## WHAT THE EXERCISE ASKS
Each entry should be set down exactly as written, except for any picture it holds.
++++++++++
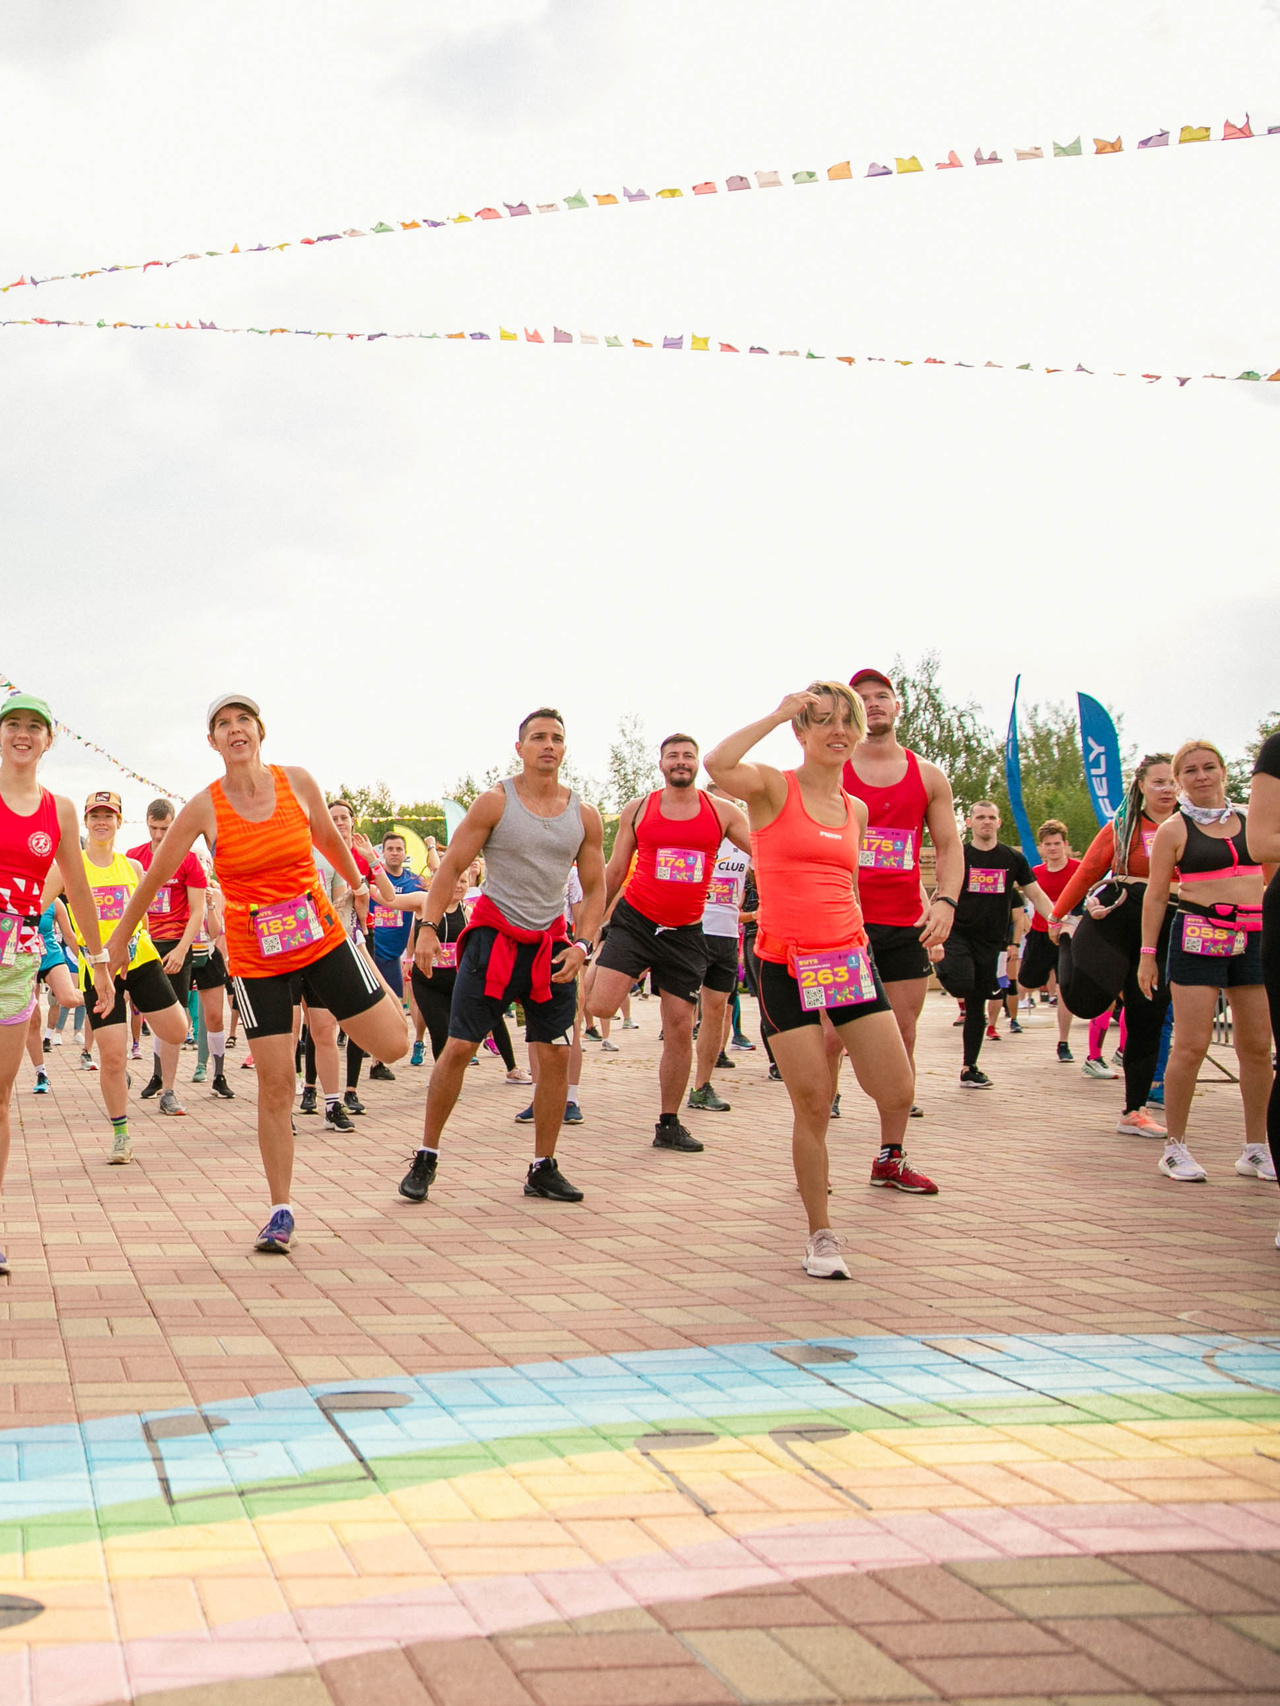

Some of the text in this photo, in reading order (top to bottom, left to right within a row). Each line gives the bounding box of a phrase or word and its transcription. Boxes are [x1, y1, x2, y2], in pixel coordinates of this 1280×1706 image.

[1087, 735, 1115, 823] FELY
[862, 838, 893, 852] 175
[659, 857, 686, 868] 174
[718, 861, 746, 872] CLUB
[971, 875, 994, 883] 206
[258, 914, 297, 936] 183
[1186, 926, 1228, 940] 058
[801, 966, 849, 988] 263
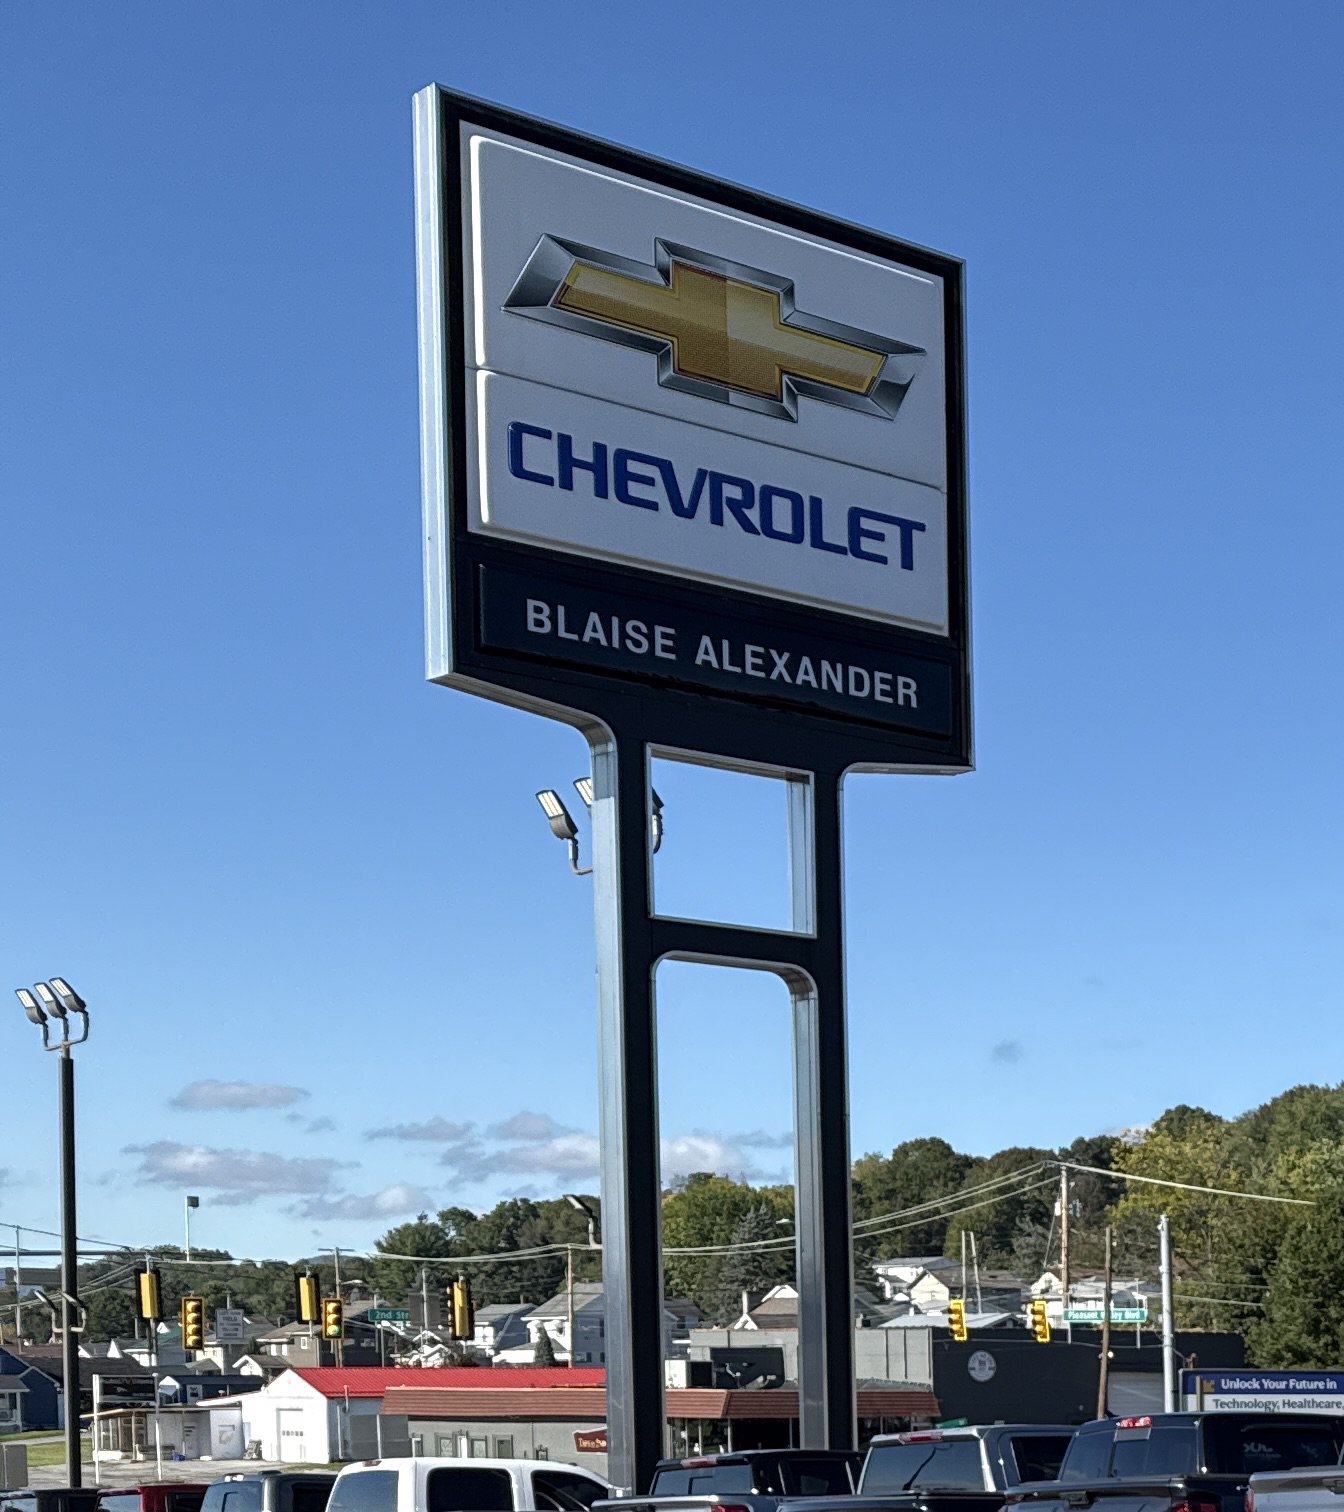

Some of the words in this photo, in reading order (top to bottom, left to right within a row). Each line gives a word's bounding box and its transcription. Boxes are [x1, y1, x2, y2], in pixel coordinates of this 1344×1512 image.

[508, 421, 926, 571] CHEVROLET
[526, 598, 676, 660] BLAISE
[694, 634, 918, 708] ALEXANDER
[375, 1310, 393, 1319] 2nd
[1221, 1378, 1261, 1390] Unlock
[1261, 1378, 1288, 1390] Your
[1289, 1378, 1325, 1390] Future
[1325, 1378, 1338, 1390] in
++++++++++
## WRITTEN SOLUTION
Some of the text in this photo, in reading order (top to bottom, left to right within a row). Each line gives the bounding box of a phrase or word and its transcription. Boxes are [x1, y1, x2, y2], in pixel coordinates of this 1280×1706 image.

[1087, 735, 1115, 823] FELY
[862, 838, 893, 852] 175
[659, 857, 686, 868] 174
[718, 861, 746, 872] CLUB
[971, 875, 994, 883] 206
[258, 914, 297, 936] 183
[1186, 926, 1228, 940] 058
[801, 966, 849, 988] 263

Some of the words in this photo, in reading order (top to bottom, left to right within a row). Each line gives a word's bounding box and its transcription. Boxes are [x1, y1, x2, y2], in pixel coordinates of this 1344×1512 image.

[508, 421, 926, 571] CHEVROLET
[526, 598, 676, 660] BLAISE
[694, 634, 918, 708] ALEXANDER
[375, 1310, 393, 1319] 2nd
[1221, 1378, 1261, 1390] Unlock
[1261, 1378, 1288, 1390] Your
[1289, 1378, 1325, 1390] Future
[1325, 1378, 1338, 1390] in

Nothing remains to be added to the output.